Comment #1 by Shorebreak posted on
Shorebreak
"This brings up an important question for savers. Do you jump on these 2% 5-year CDs? Or do you hold steady and wait for even higher rates."

For the deposit account portion of one's portfolio, which should be diversified, I'm still looking at the "barbell approach" with half of funds in liquid savings or money market accounts and the other half in maturities of 5,6 or 7-year certificates of deposit. Perhaps it would be a good idea to do this gradually, i.e. 'dollar cost average', in order to keep from getting stuck at the low-end of the yield curve if rates start gradually going up.

6
Comment #2 by paoli2 posted on
paoli2
I'm a "jumper".  I know how much income I need to make and that is my criteria.  2% is not what I ever dreamed of having to cope with but if it helps me meet my criteria and keep my principal safe, I have no other choice.  I do what works for me now and how by the time these 5 year CDs mature, sanity in interest rates will be back.

7
Comment #3 by Anonymous posted on
Anonymous
For whatever its worth record amounts of dollars are being withdrawn from bond funds, which means bond buyers fear continuing rise in interest rates (i.e. lower bond prices).
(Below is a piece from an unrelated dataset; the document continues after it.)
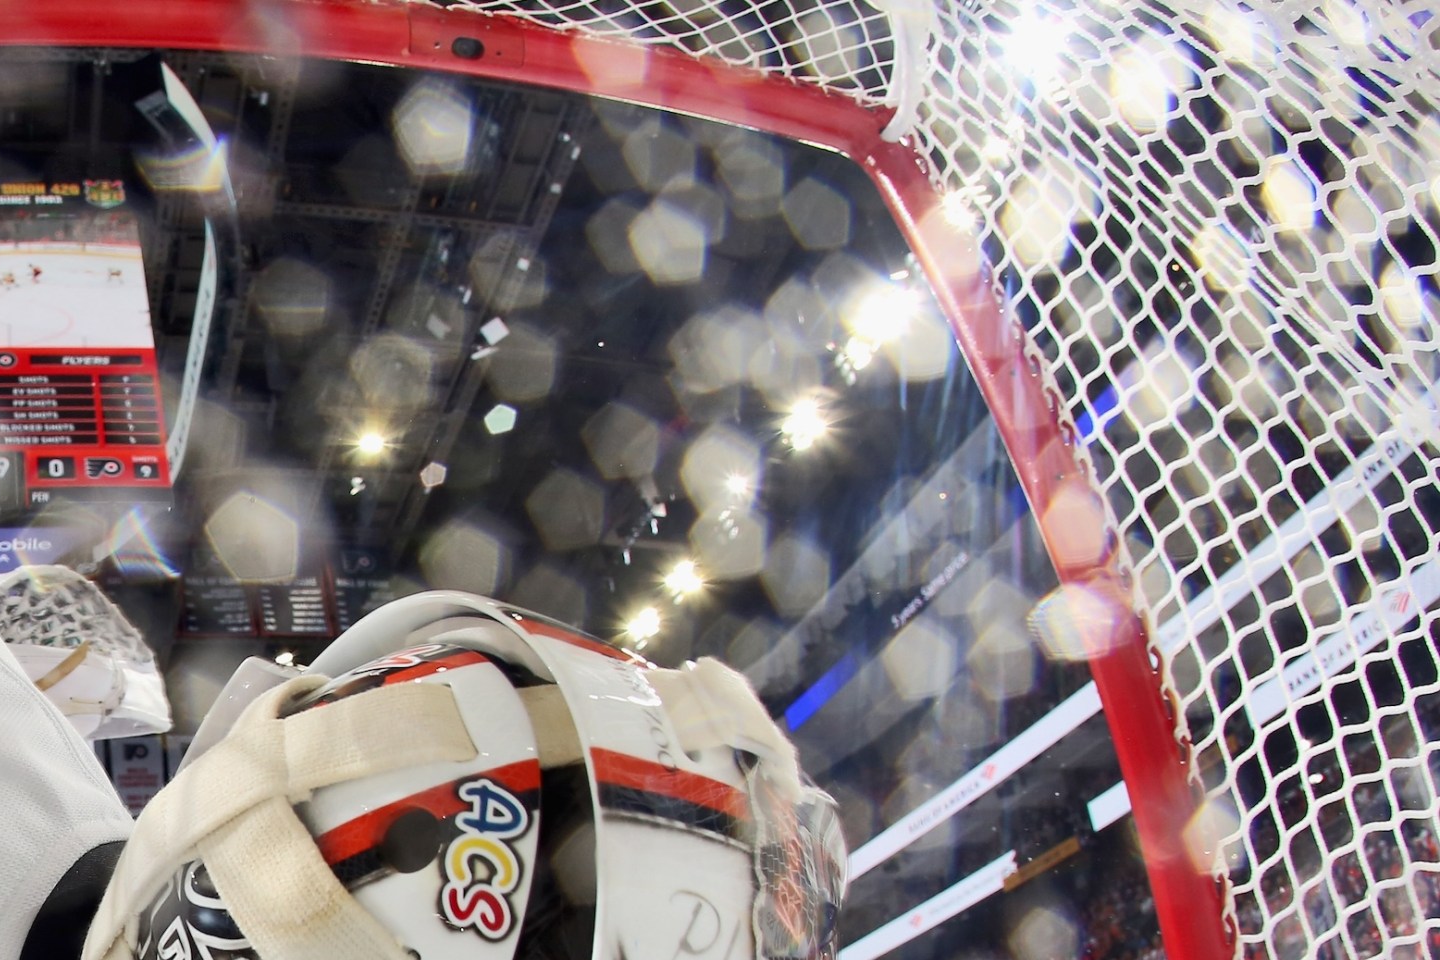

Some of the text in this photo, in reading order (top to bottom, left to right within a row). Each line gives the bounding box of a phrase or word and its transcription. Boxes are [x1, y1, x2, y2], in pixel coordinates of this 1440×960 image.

If you can sit tight for at least a couple months.

5
Comment #4 by paoli2 posted on
paoli2
#3  I would love for you to be right but everything I am reading is not giving me hope that interest rates on 5 year CDs will go up very much in these next few years.  I refuse to go longer.  Soooo  one has to do what one has to do.   At least for now, I am still able to get some checks.

5
Comment #6 by Anonymous posted on
Anonymous
#4 Also housebuilder stocks are getting clobbered because of the anticipation of rising rates making borrowing for a house more expensive. And everyone is holding their breath with each jobs report. It will definitely be interesting!

1
Comment #5 by OldGuy posted on
OldGuy
I have an almost impossible time keeping my powder dry, waiting for rates to go up further.  I do exactly what Paoli2 does, although I've taken advantage of First Republic's recent 6-year CD rates between 2.15% and 2.50% (the 2.50% reflected a 25 basis points bump up as part of a loyalty reward promotion for clients).

8
Comment #7 by Anonymous posted on
Anonymous
Aaaah, waiting for the interest rates to go up reminds me of the movie, “waiting for Godot” or for the French speaking “En attendant Godot” and he never came back.

12
Comment #8 by Anonymous posted on
Anonymous
M&T bank I offering 2.07% for a 5-yr CD.